Big investors are betting on a fresh surge in UK borrowing costs because of mounting concerns the energy crisis will inflame inflation and trigger further Bank of England rate rises.
The darkening outlook for the £2 trillion (€2.33 trillion) gilt market comes as surging energy prices exacerbate Britain’s cost of living crisis and heighten fears of recession. Goldman Sachs on Monday said UK inflation could exceed 20 per cent by the start of 2023 if gas costs remain highly elevated.
The wagers against UK government debt have already sent short-term borrowing costs in the gilt market soaring. The two-year gilt yield, which reflects market expectations for BoE policy, touched 3 per cent on Tuesday for the first time in 14 years. It has jumped 1.2 percentage points this month in the biggest rise since at least 1992, according to Bloomberg data. Bond yields rise when prices fall. Sterling has also taken a hit, falling on Tuesday to as low as $1.1623, the weakest level in more than two years.
“The UK is in a particularly fragile position,” said one hedge fund manager shorting gilts. The country is “asking foreigners to basically fund” plans for unfunded tax cuts and spending increases “at super low interest rates”, the person said.
Odey Asset Management, BlueBay Asset Management and Transtrend are among the hedge funds betting that yields on gilts will continue rising as investors shun UK government debt.
Foreign investors ditched £16.6 billion worth of gilts in July, the biggest sell-off in the market in four years, according to BoE data released on Tuesday.
“This is only the start,” said Crispin Odey, the founder of the eponymous group. “You’ve got to remember that the [market] consensus is that we’re going to be at less than 3 per cent inflation by the last quarter of next year,” he said, adding that such a forecast was “rubbish”.
Other global bond markets, including US Treasuries and German Bunds, have also sold off sharply in recent weeks as central banks battle inflation.
With inflation running at a 40-year high, the next UK prime minister — due to be announced next week — will inherit an economy under intense pressure, with economists now expecting the UK to slide into recession as the cost-of-living crisis bites.
Goldman this week forecast that the UK could not escape recession even if Liz Truss, front-runner to succeed Boris Johnson, reverses national insurance contribution increases and spends a further £30 billion on supporting households.
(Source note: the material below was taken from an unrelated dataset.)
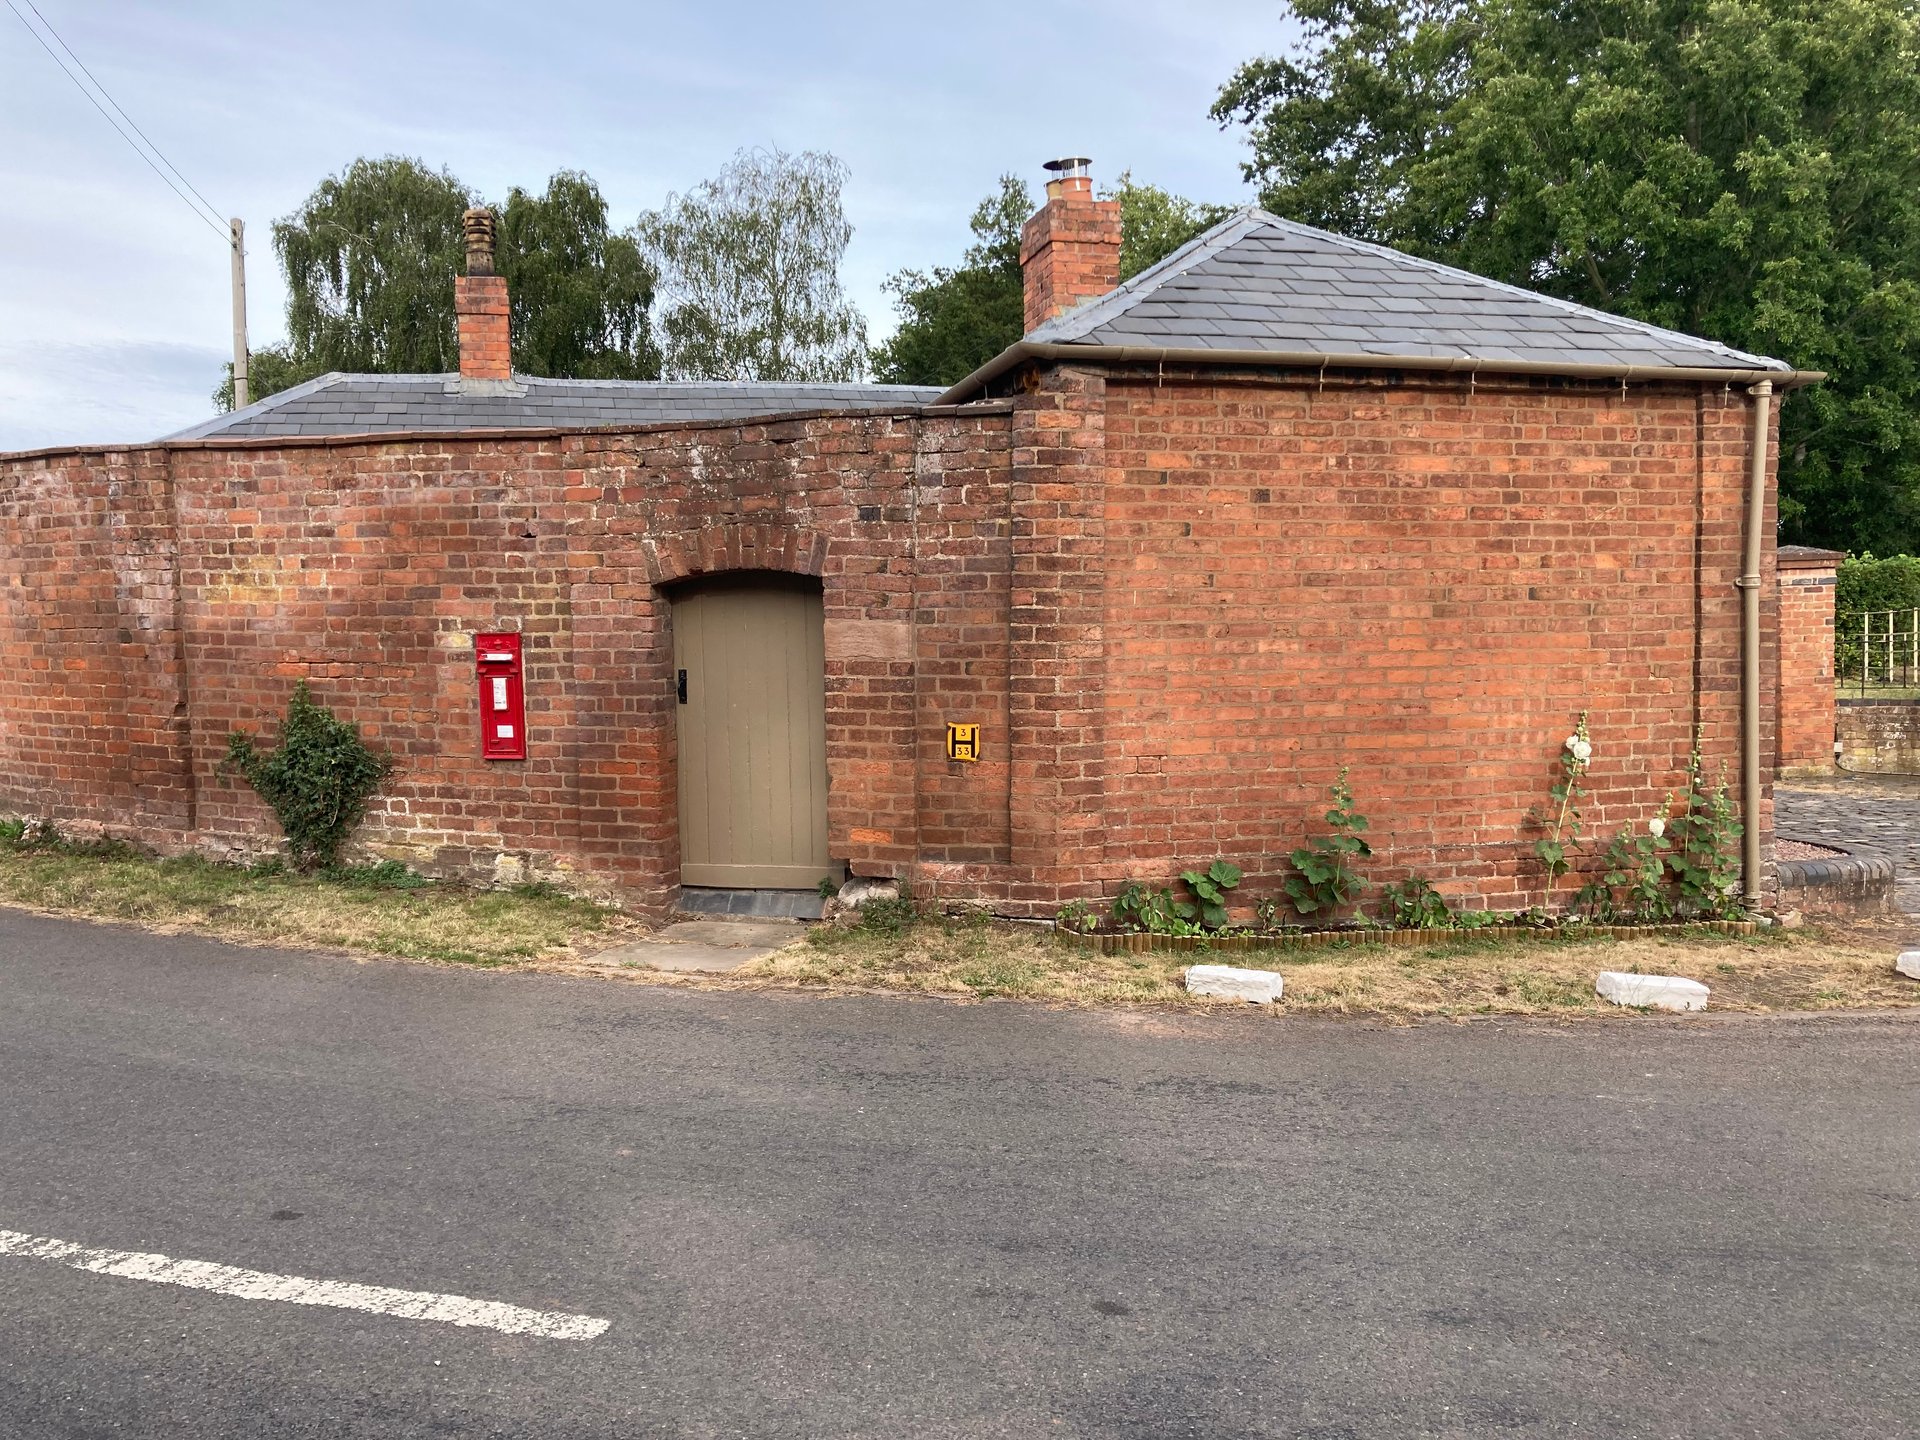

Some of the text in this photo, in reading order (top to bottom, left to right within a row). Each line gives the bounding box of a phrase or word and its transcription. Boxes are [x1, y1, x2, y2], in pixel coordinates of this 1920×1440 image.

[960, 728, 966, 736] 3
[952, 727, 975, 758] H
[957, 747, 969, 755] 33
The bank now expects UK economic output to contract by 1 per cent from the final three months of this year and the second quarter of 2022.
Goldman economist Ibrahim Quadri forecast that inflation will peak at 14.8 per cent early next year from 10.1 per cent in July 2022. But he warned that if gas prices remain at the levels hit last week, inflation could reach 22.4 per cent.
UK gas futures hit a high of almost £6.50 a therm last week, but have since eased to about £4.70. They started the year at about £1.70.
Markets are now betting the BoE will raise rates to 4.2 per cent next May, up from 1.75 per cent at present, and 0.1 per cent in November 2021. Central bank rate rises tend to lead debt investors to sell off bonds maturing in the next few years.
Mark Dowding, chief investment officer at BlueBay who is shorting gilts, said inflation could peak at 15 per cent. But he compared the BoE to “a rabbit in the headlights” wary of aggressive rate rises for fear of “cratering the UK economy”.
The central bank warned this month that inflation would hit 13 per cent by the end of the year as it forecast the economy faced a 15-month-long recession.
Funds have been emboldened in their bets because, after buying gilts for more than a decade as part of its quantitative easing programme, the central bank has now switched to selling government debt — a further downward risk to prices.
The central bank bought 57 per cent of the net £1.5 trillion of gilts sold between March 2009 and June 2022, according to research by Bank of America. Kamal Sharma, analyst at BofA, noted this month that a combination of a large current account deficit and a reliance on overseas investors buying gilts was “significant negative” for the market.
Computer-driven hedge funds that latch on to trends in global futures markets have also seized on the turbulence in the gilt market.
Rotterdam-based Transtrend, which manages $6.1 billion in assets, is shorting gilts and other UK fixed income instruments. Many of these bets are that UK bonds will underperform debt sold by other governments.
While the hedge funds are pessimistic on the overall outlook for the gilt market, some say that longer-dated bonds are particularly vulnerable because their level of yield assumes a fairly rapid return to lower inflation.
Dowding at BlueBay, which manages $106 billion in assets, said he was “perplexed” by the low yields on 10-year bonds, since they imply that inflation will be a relatively short-lived phenomenon. As a result, BlueBay is betting that longer-term yields will rise relative to shorter-term ones.
“The yield curve needs to steepen quite dramatically,” he said. Yields on the 10-year gilt “are not compensating me much”.
That view was echoed by Mr Odey, who has been betting against very long-dated gilts such as the 30-year, where he says the market consensus is “most entrenched”.